Git Trick: Multiple remotes

git is a wonderful little vcs. It took a while for me to warm up to it, but now I could never go back to svn or cvs. RCS still holds a special place in my heart, and is so damn useful I can't give it up completely. But these days, my vcs world is all git-based.

I'm sure there's a way to do this multiple-remote trick in bzr and hg, but I don't use them, so haven't bothered to figure it out. If I need hg, there's always hg-git, which may earn its own entry soon.

git makes it easy to track multiple remote branches, which is ostensibly used for sharing work between colleagues. i.e. I can 'merge steve/master' to bring all Steve's unpublished changes to master into my current local branch. This is great for hacking in small groups or pairs without needing a central server. However, the true power of this, I think, is that any git url can be a remote.

So, for example, I'm building a site based on dabl, and I want to keep it up to date with the latest changes. Now, up until last week, that meant I would check out dabl, check out my code, and then copy the files in and commit.
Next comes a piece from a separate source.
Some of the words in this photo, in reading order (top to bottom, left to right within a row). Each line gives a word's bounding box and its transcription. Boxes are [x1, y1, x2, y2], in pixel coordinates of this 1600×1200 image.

Something like this:

git clone dabl
git clone my-project
cp -R dabl/{libraries,helpers} my-project/
cd my-project
git commit -a -v -m 'Updated dabl'
git push origin master

Now, of course that `git commit -a` wipes out any local changes. That means that, for example, anything in helpers/ that gets modified in both my-project and dabl will be replaced by the dabl version. Usually, that's fine because I've pushed the changes from my-project upstream. Where there would logically be a conflict, it is happily ignored in favor of the upstream version. Of course, upstream is the same procedure but in the reverse direction, and has the same pitfalls.
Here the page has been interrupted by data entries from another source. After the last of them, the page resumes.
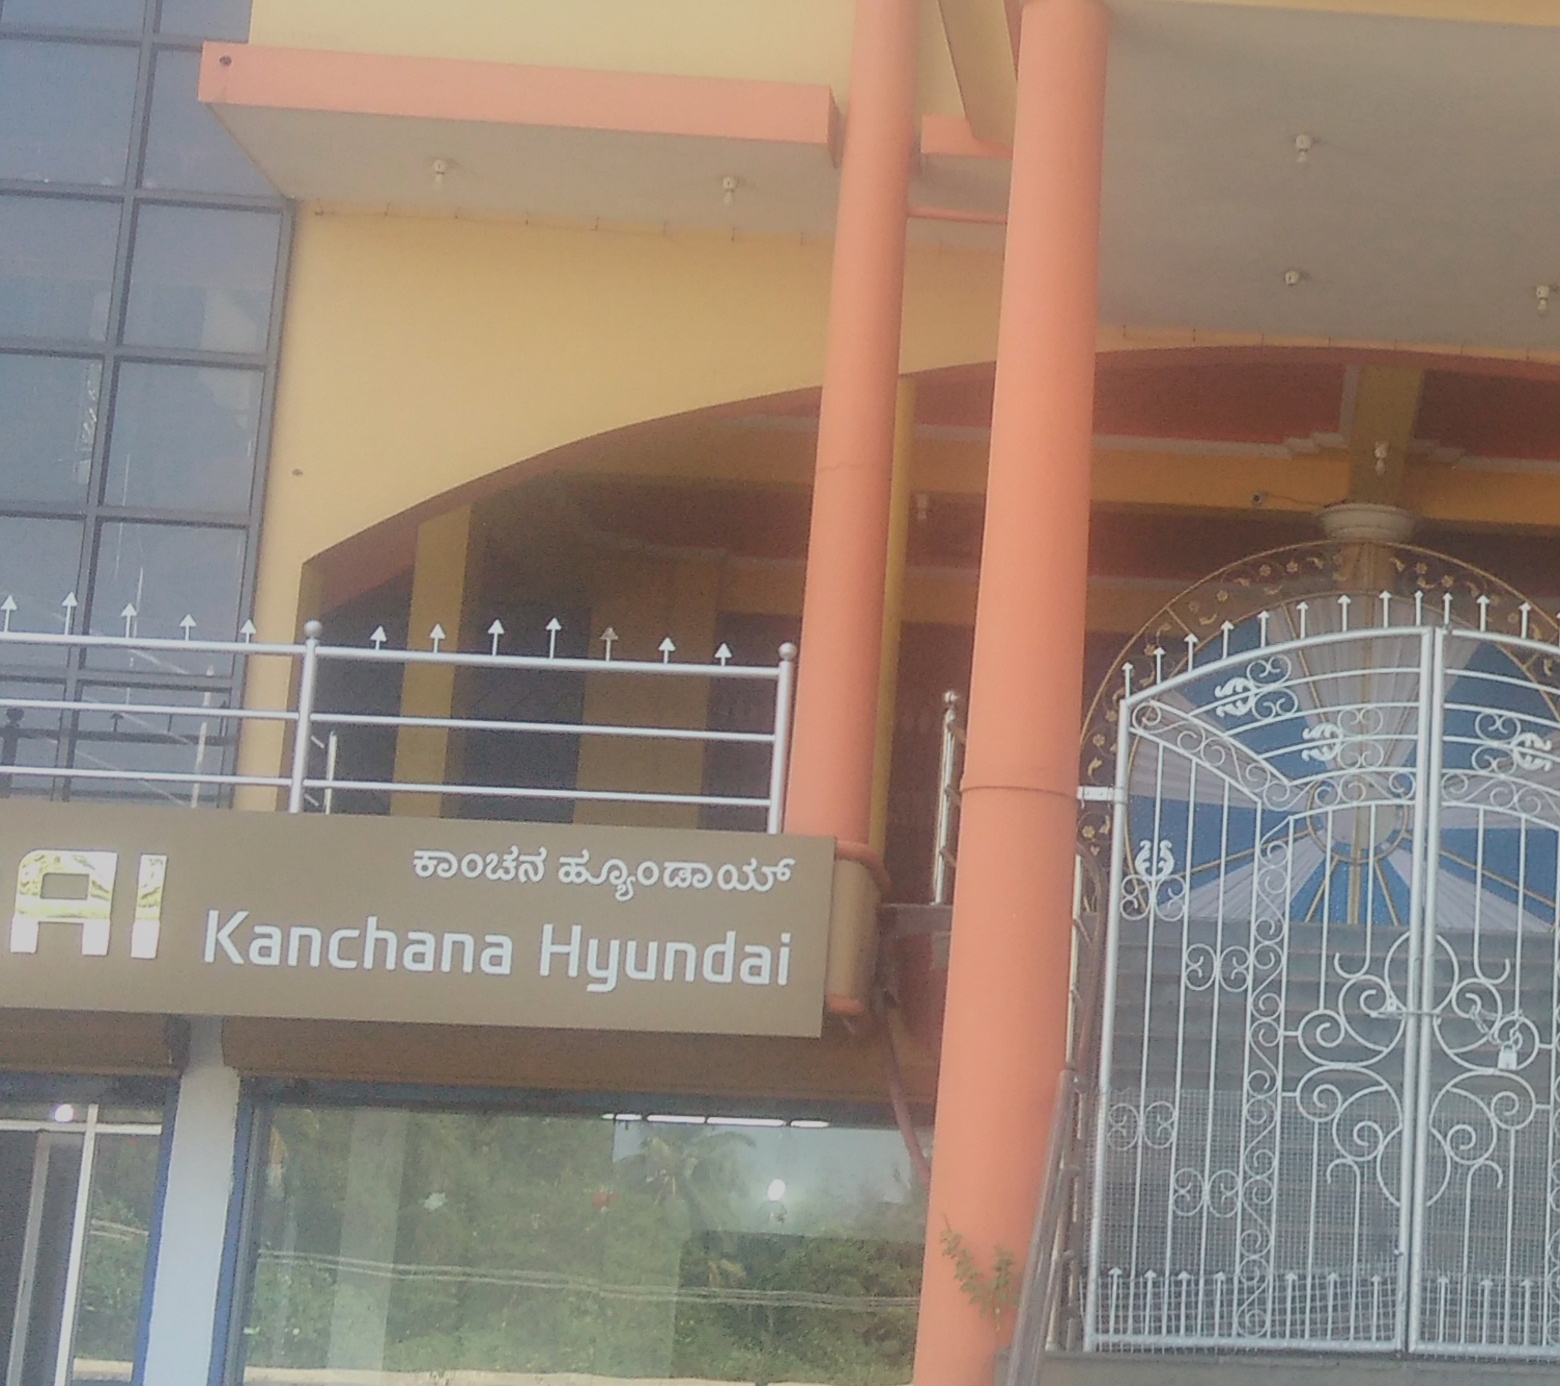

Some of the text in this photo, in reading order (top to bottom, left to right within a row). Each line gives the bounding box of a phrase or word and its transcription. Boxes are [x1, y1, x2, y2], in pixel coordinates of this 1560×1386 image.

[412, 845, 548, 884] ಕಾಂಚನ
[203, 910, 793, 993] Kanchana Hyundai
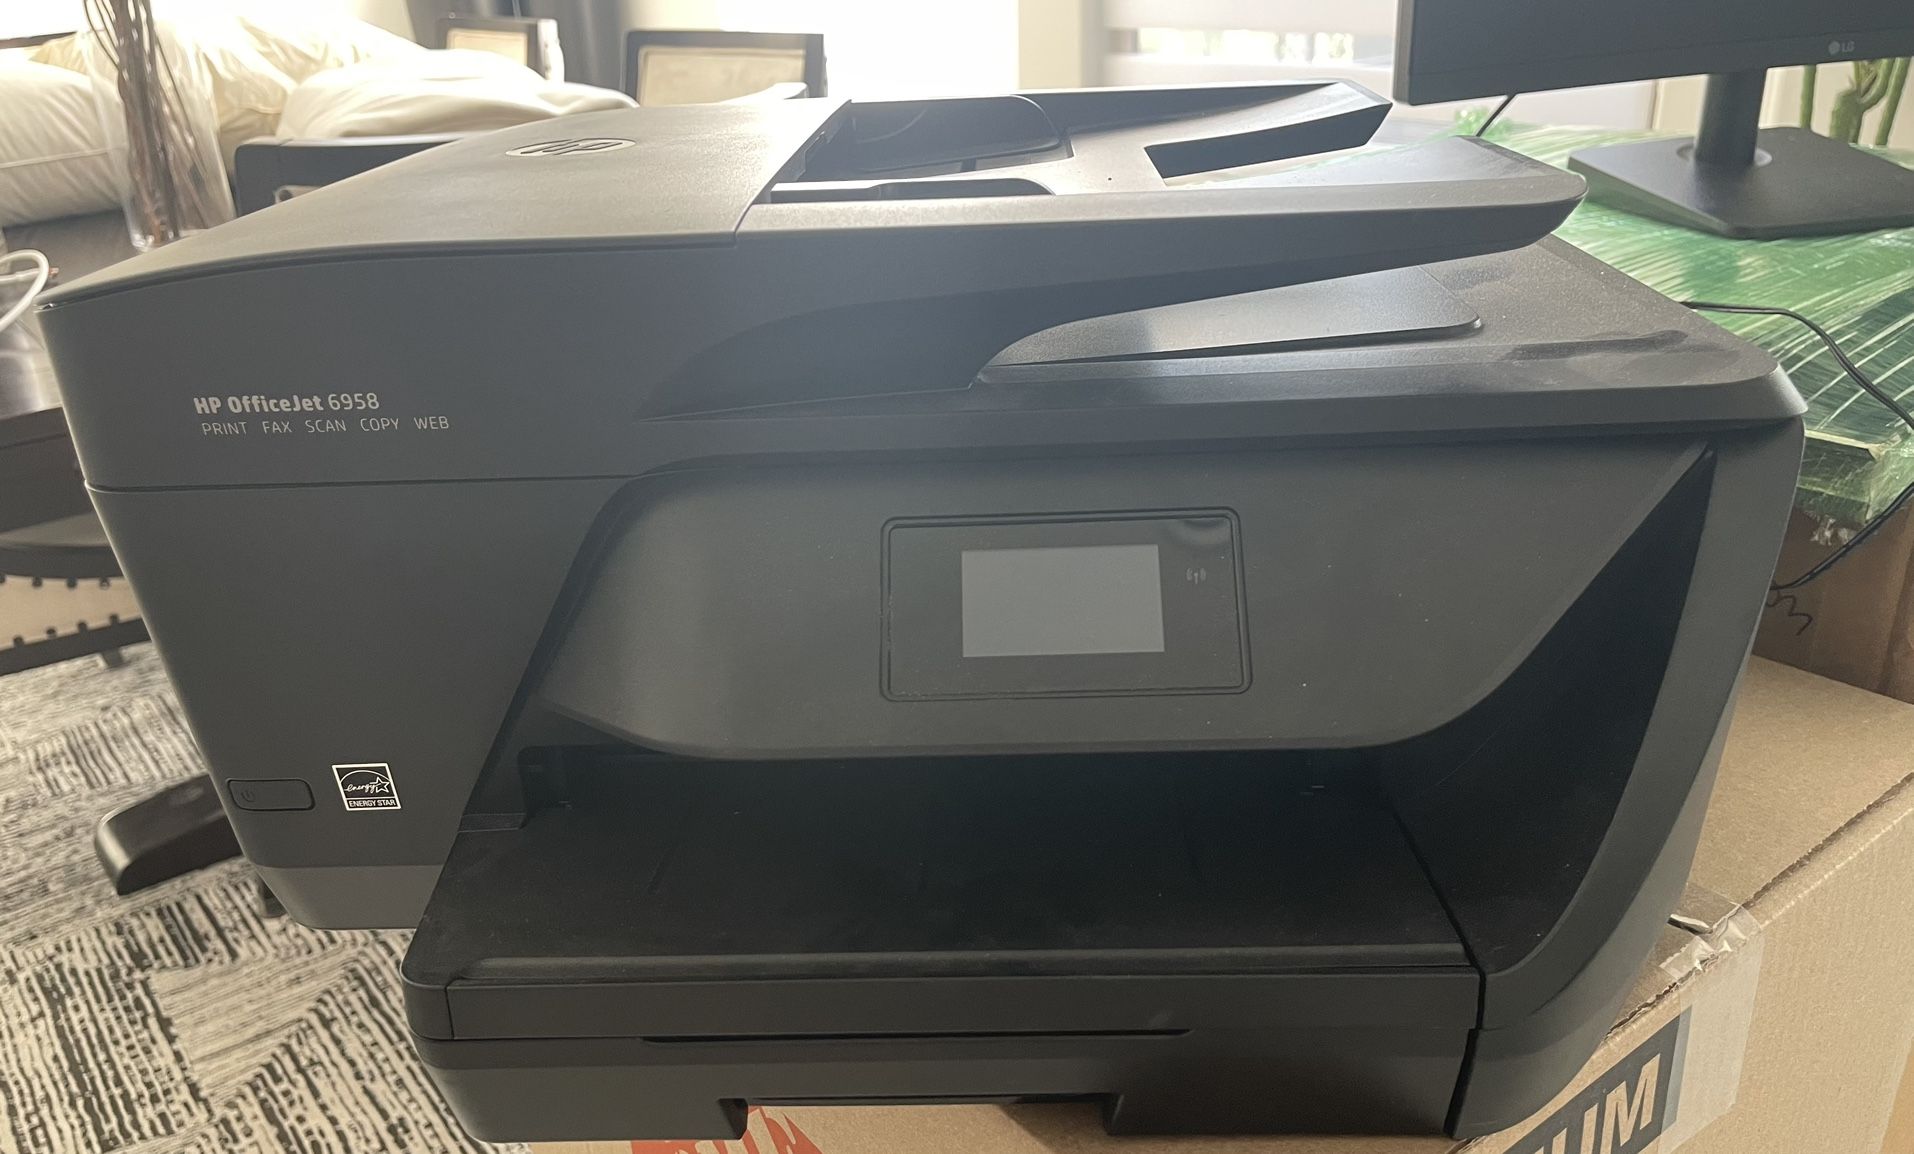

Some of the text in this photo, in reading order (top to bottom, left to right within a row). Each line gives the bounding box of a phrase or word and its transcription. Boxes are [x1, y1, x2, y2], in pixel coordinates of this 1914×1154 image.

[1841, 40, 1855, 52] LG
[194, 392, 380, 414] HP OfficeJet 6958
[201, 416, 449, 435] PRINT FAX SCAN COPY WEB
[348, 799, 396, 808] ENERGY STAR
The solution is to recognize that these are both git repositories in their own right. Just add the dabl repository to my-project. Updating is as easy as:

git fetch dabl
git merge dabl/master

Now, I have the latest version of my upstream code, with all the benefits of merging it in. This is what I really wanted in the first place. I love cp, but it's never going to give me an octopus merge.
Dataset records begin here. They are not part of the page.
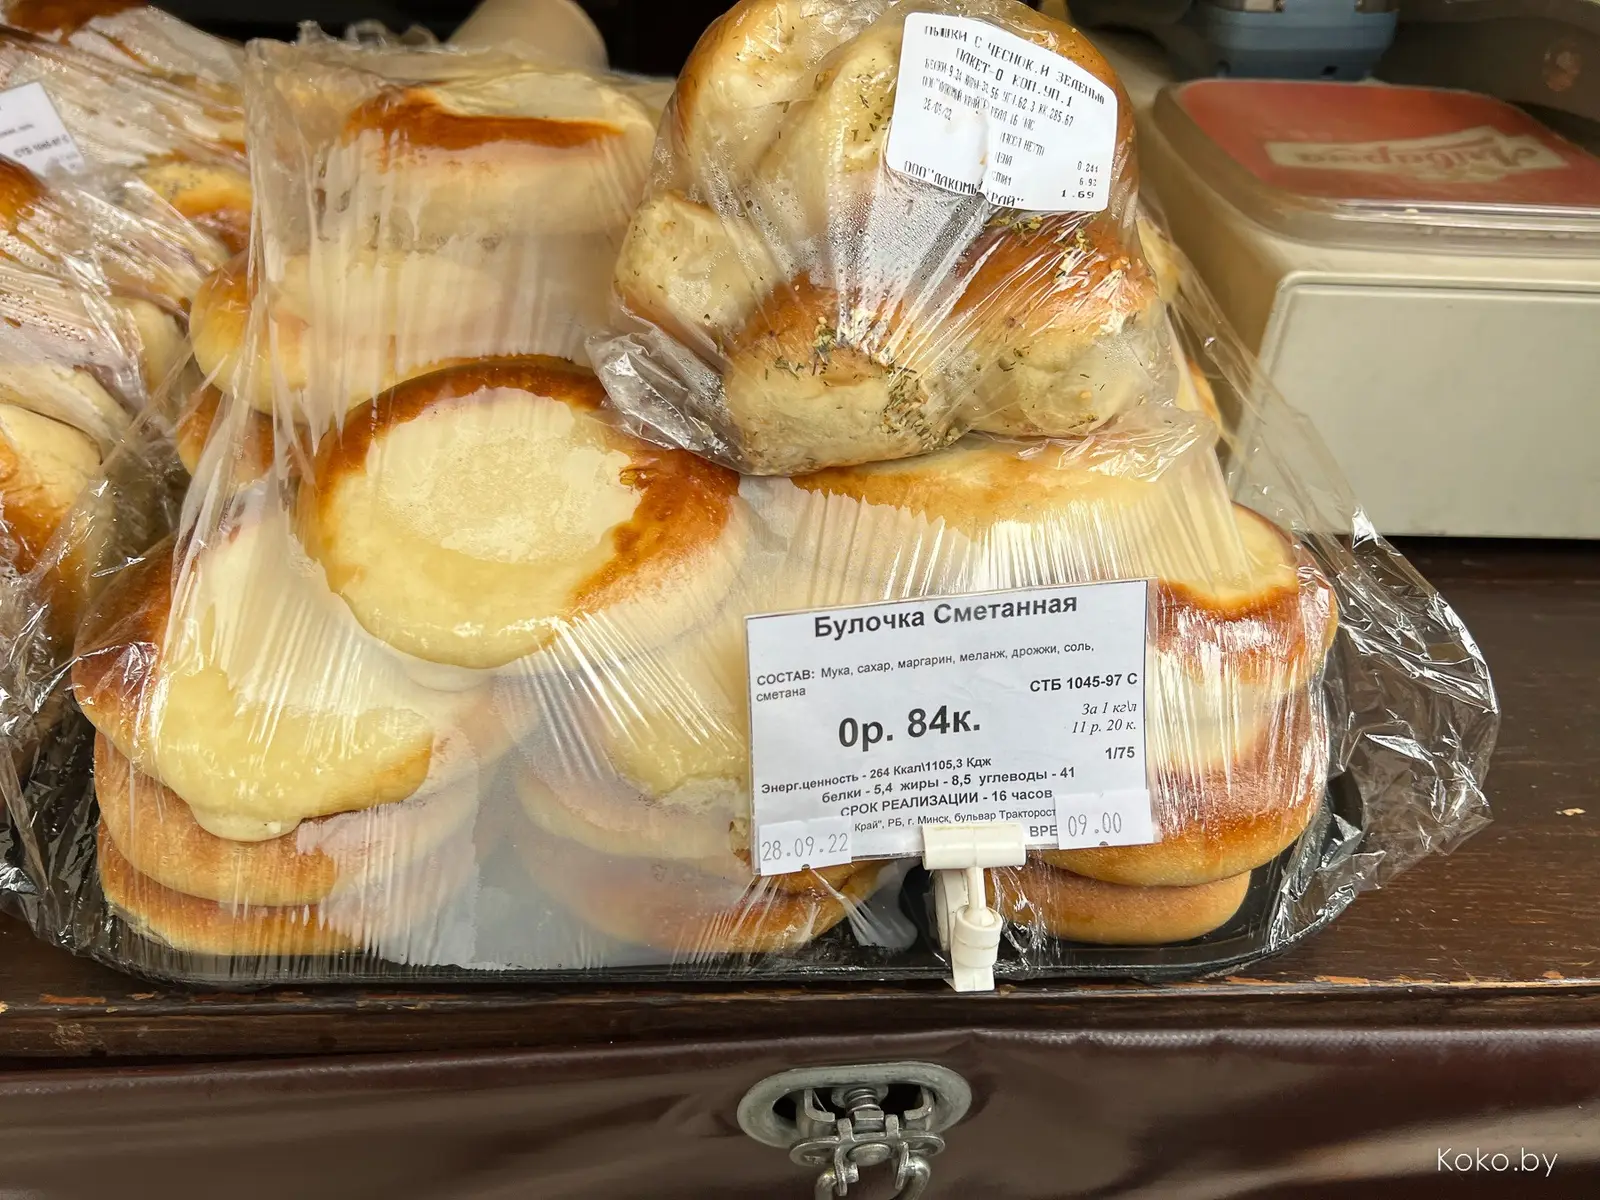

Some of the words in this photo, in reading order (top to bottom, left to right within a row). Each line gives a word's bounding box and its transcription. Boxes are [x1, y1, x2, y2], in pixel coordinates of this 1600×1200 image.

[924, 25, 968, 42] ПЫШКИ
[974, 35, 983, 49] С
[1056, 71, 1105, 105] ЗЕЛЕНЬЮ
[1061, 188, 1095, 199] 1.69
[814, 610, 925, 641] Булочка
[933, 596, 1078, 624] Сметанная
[756, 669, 815, 686] СОСТАВ:
[820, 667, 854, 680] Мука,
[857, 662, 894, 674] сахар,
[897, 654, 956, 669] маргарин,
[959, 650, 1008, 662] меланж,
[1011, 645, 1060, 658] дрожжи,
[1063, 641, 1094, 653] соль,
[756, 687, 806, 702] сметана
[1029, 678, 1062, 692] СТБ
[1066, 673, 1122, 690] 1045-97
[1126, 672, 1138, 685] С
[1081, 703, 1097, 715] За
[1102, 702, 1109, 715] 1
[1112, 701, 1137, 714] кг\л
[838, 717, 894, 752] 0р.
[906, 705, 981, 738] 84к.
[1071, 721, 1085, 735] 11
[1088, 722, 1102, 735] р.
[1106, 719, 1123, 732] 20
[1125, 720, 1137, 731] к.
[1105, 746, 1136, 760] 1/75
[761, 773, 859, 794] Энерг.ценность
[869, 767, 890, 779] 264
[893, 758, 963, 776] Ккал\1105,3
[966, 757, 992, 768] Кдж
[821, 789, 862, 803] белки
[873, 783, 893, 796] 5,4
[899, 778, 939, 793] жиры
[951, 774, 971, 787] 8,5
[978, 770, 1048, 787] углеводы
[1059, 766, 1076, 779] 41
[840, 801, 878, 817] СРОК
[881, 791, 979, 812] РЕАЛИЗАЦИИ
[991, 790, 1007, 802] 16
[1011, 789, 1053, 801] часов
[854, 819, 885, 833] Край",
[887, 817, 905, 828] РБ,
[907, 817, 915, 826] г.
[917, 814, 952, 825] Минск,
[954, 810, 997, 823] бульвар
[1067, 812, 1122, 837] 09.00
[761, 832, 849, 862] 28.09.22
But, that's only one half of the problem. Is there any way pushing upstream could be aided by this?

Okay, it would be pretty anti-climactic if the answer to that were no. As it turns out, pushing upstream is the reverse of pulling from upstream (like with the cp "solution"); you just have to be a little more careful. Lets say I need to push HEAD on master upstream:

git checkout dabl/master
git cherry-pick master
git push dabl HEAD:master

Yes, it really is that easy. "master" is a valid commit-ish, so you can cherry-pick it. You can even do exciting things like master^ and master~3. And of course, you can name a commit by its hash or tag if you want to be really safe. In practice, it generally helps to be really safe.

A word of caution: DO NOT make your other remote call its refs "origin." This will give you and everyone you work with headaches as you will switch repositories instead of merging. And I mean "switch" in the svn sense of the word (i.e. "rebase"). Name it something sane and unique, like the name of the project.